━━━ Available data

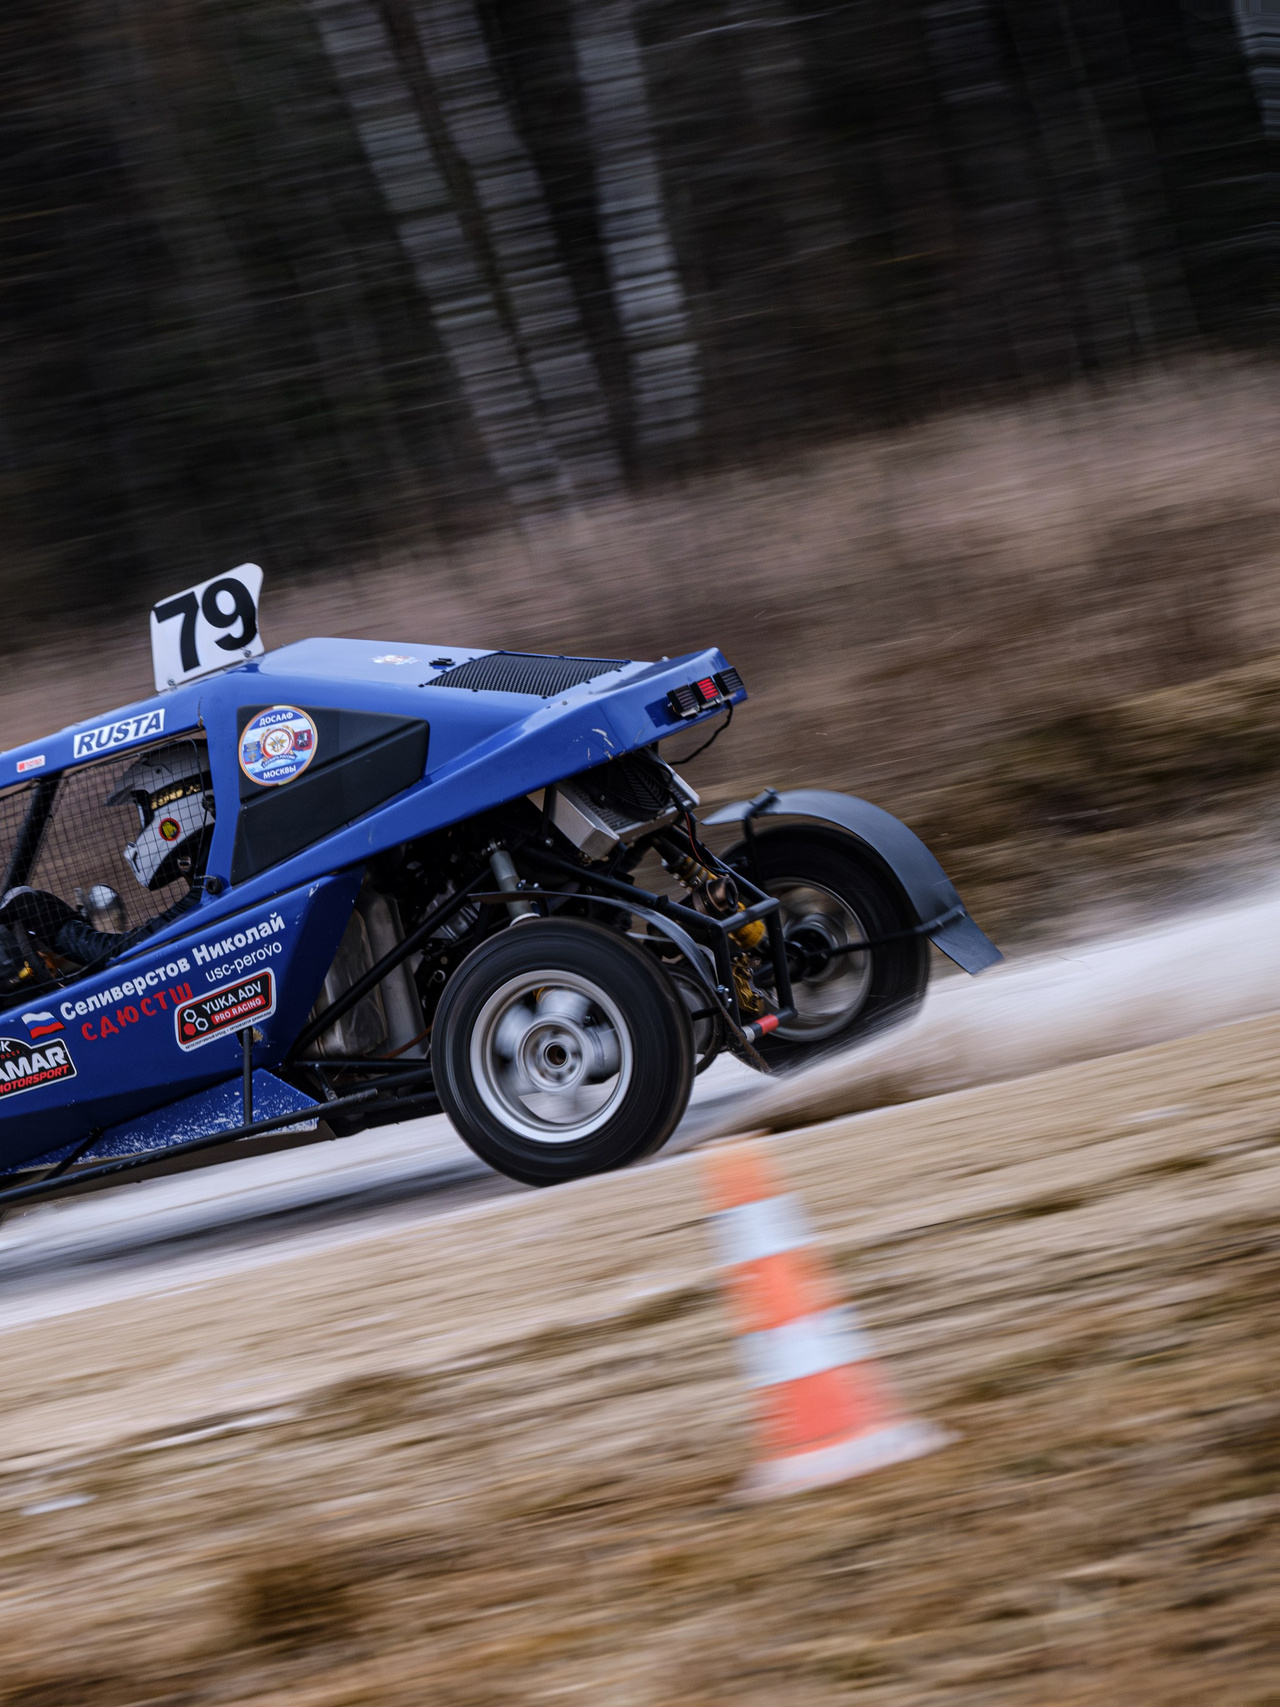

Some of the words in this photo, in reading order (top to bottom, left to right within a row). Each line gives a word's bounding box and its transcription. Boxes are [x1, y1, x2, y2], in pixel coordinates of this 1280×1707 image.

[154, 578, 257, 672] 79
[76, 712, 162, 755] RUSTA
[259, 712, 294, 726] ДОСААФ
[263, 765, 297, 779] МОСКВЫ
[60, 957, 191, 1020] Селиверстов
[191, 912, 286, 966] Николай
[205, 942, 283, 982] usc-perovo
[202, 993, 238, 1014] YUKA
[238, 981, 262, 1001] ADV
[214, 1012, 231, 1022] PRO
[232, 998, 262, 1016] RACING

━━━━━━

◆ Exercise objective: Pictures stay out; the entries above are to be output exactly as given.

◆ Result:
Some of the words in this photo, in reading order (top to bottom, left to right within a row). Each line gives a word's bounding box and its transcription. Boxes are [x1, y1, x2, y2], in pixel coordinates of this 1280×1707 image.

[154, 578, 257, 672] 79
[76, 712, 162, 755] RUSTA
[259, 712, 294, 726] ДОСААФ
[263, 765, 297, 779] МОСКВЫ
[60, 957, 191, 1020] Селиверстов
[191, 912, 286, 966] Николай
[205, 942, 283, 982] usc-perovo
[202, 993, 238, 1014] YUKA
[238, 981, 262, 1001] ADV
[214, 1012, 231, 1022] PRO
[232, 998, 262, 1016] RACING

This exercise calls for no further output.